Explanation of symbols

101, 103, 104, 106, 107, 108, 114, 115 Optical transmission device 11 Light emitting element 11a Light emitting surface 12 of light emitting element 11 Central axes 14, 34, 34a, 34b Tube-shaped waveguide 15 Incident end 16 Emission end 18 Reflection Surface 19 Optical waveguide regions 22, 52 Assembly accuracy 26, 56 Region 45 Optical fiber 45a Core 45b Clad 45c Center axis 46 Entrance end 47 Exit end 61 Parallel lines 62, 72, 82 Center axes 64, 74 Tapered waveguide 84 Reverse taper Type waveguide A Signal light B Emission light E Light F-0 to 4 Optical axis position k of signal light A Number of mirror reflections or total reflections α Light emission angle β Taper angle θ ₀ Incident angle θ ₁ Emission angle θ ₂ Incident angle θ _c Critical angle

Claims (10)

A light emitting element;
A tube-shaped waveguide having a polygonal cross-sectional shape perpendicular to the light propagation direction of an optical waveguide region in which light from the light emitting element incident on the incident end propagates to the exit end by specular reflection or total reflection;
An optical transmission device comprising: A light emitting element;
A tube-shaped waveguide whose cross-sectional shape perpendicular to the light propagation direction of the optical waveguide region that propagates light from the light-emitting element incident on the incident end to the output end by specular reflection or total reflection is a rounded polygon;
An optical transmission device comprising: A light emitting element;
The cross-sectional shape perpendicular to the light propagation direction of the optical waveguide region that propagates the light from the light emitting element incident on the incident end to the output end by specular reflection or total reflection is surrounded by a single closed curve having a plurality of curvatures.
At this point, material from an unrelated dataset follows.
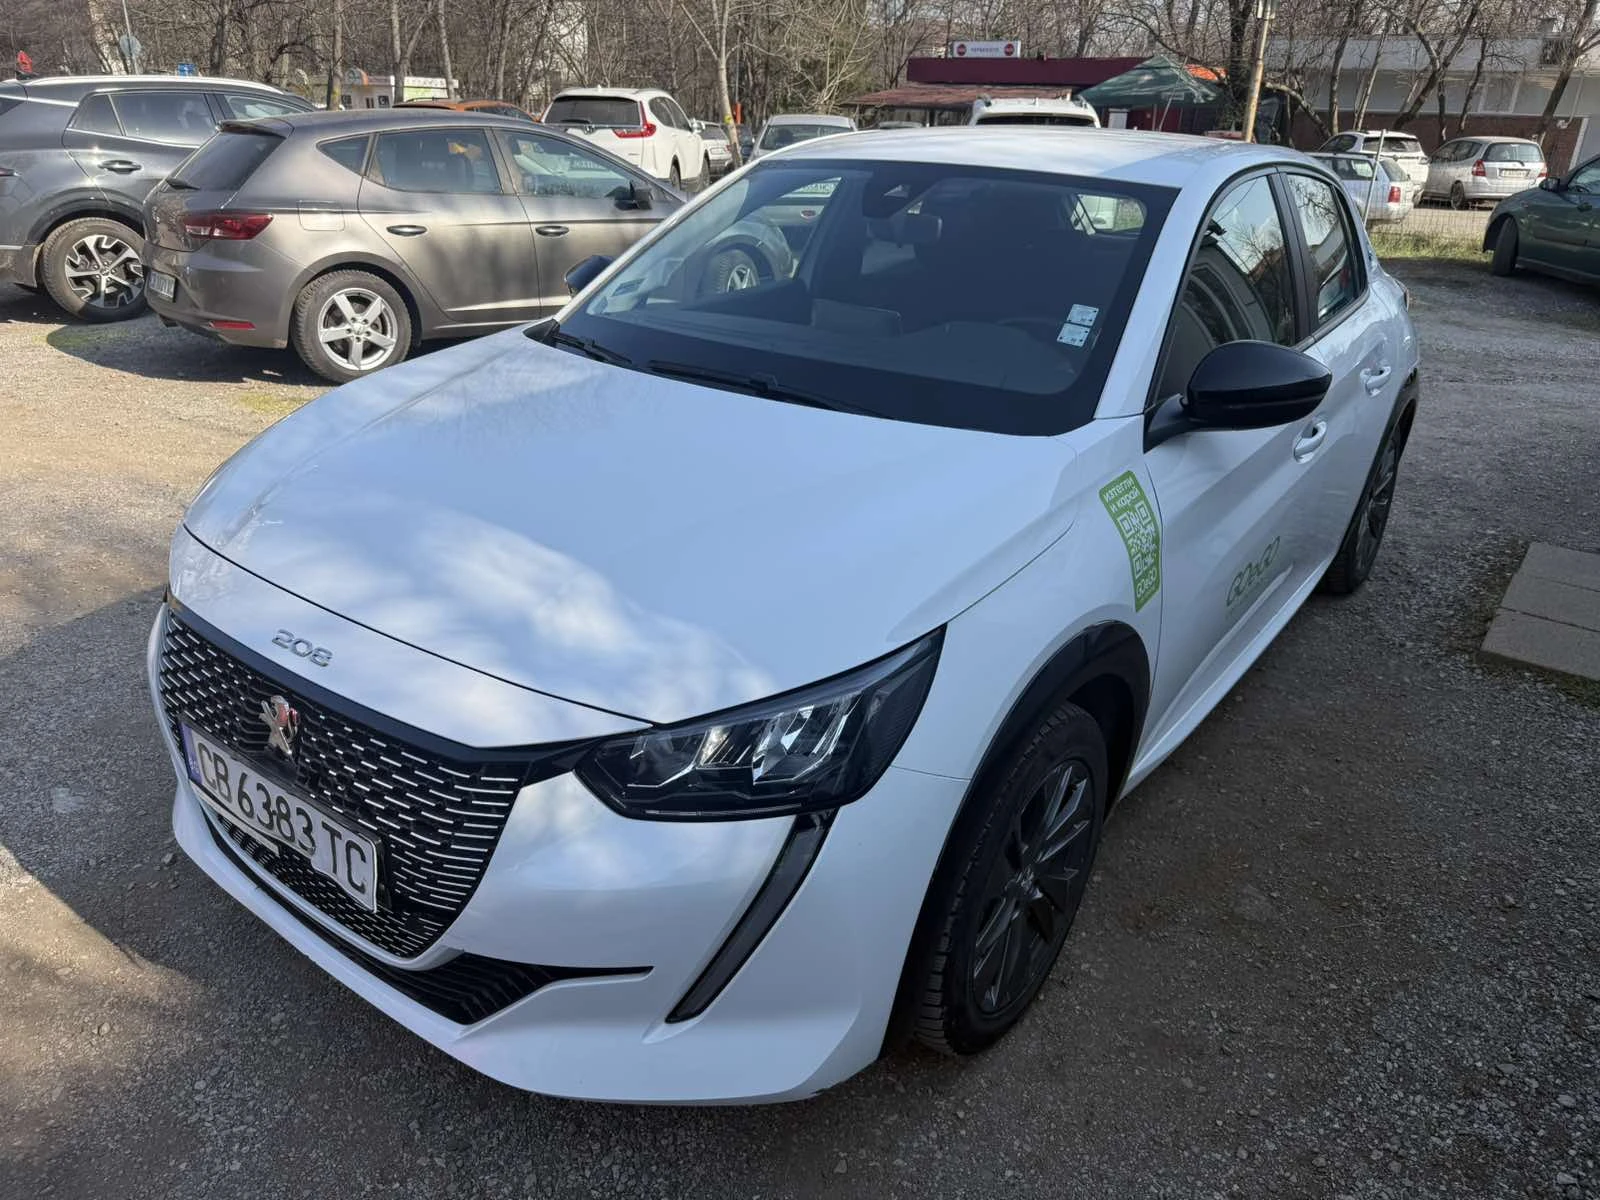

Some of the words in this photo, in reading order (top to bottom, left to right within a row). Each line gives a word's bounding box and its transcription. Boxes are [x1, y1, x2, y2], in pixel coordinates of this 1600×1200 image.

A tube-shaped waveguide that is shaped,
An optical transmission device comprising: A light emitting element;
The cross-sectional shape perpendicular to the light propagation direction of the optical waveguide region that propagates the light from the light-emitting element incident on the incident end to the output end by specular reflection or total reflection is surrounded by connecting the ends of a plurality of curves. A tubular waveguide having a shape with a singular point at a connection point of the plurality of curves,
An optical transmission device comprising: A light emitting element;
The shape of the cross section perpendicular to the light propagation direction of the optical waveguide region that propagates the light from the light emitting element incident on the incident end to the output end by specular reflection or total reflection is at least one end of a line segment and at least one curve A tubular waveguide having a shape surrounded by connecting the ends of
An optical transmission device comprising: One end is connected to the exit end of the tube-type waveguide, and further comprises a multimode type optical fiber in which light from the tube-type waveguide enters the core,
6. The optical waveguide region at the exit end face of the tubular waveguide has a size contained in a cross section of a core at the one end face of the optical fiber. Any optical transmitter.   The area of the cross section perpendicular | vertical to the propagation direction of the light of the said optical waveguide area | region of the said tubular waveguide is monotonically decreasing from the said incident end to the said output end, The any one of Claim 1 to 6 characterized by the above-mentioned. Optical transmitter.   The reduction rate of the area of the optical waveguide region of the tube-shaped waveguide in a cross section perpendicular to the light propagation direction with respect to the distance in the light propagation direction decreases from the incident end toward the output end. Item 8. The optical transmission device according to Item 7.   The area of the cross section perpendicular | vertical to the propagation direction of the light of the said optical waveguide area | region of the said tubular waveguide is monotonically increasing toward the said output end from the said incident end, The Claim 1 to 6 characterized by the above-mentioned. Any optical transmitter. The shape of the cross section perpendicular to the light propagation direction of the optical waveguide region in one section of the tubular waveguide and the shape of the cross section perpendicular to the light propagation direction of the optical waveguide region in the other section of the tubular waveguide The optical transmission device according to claim 1, wherein the optical transmission devices have different shapes.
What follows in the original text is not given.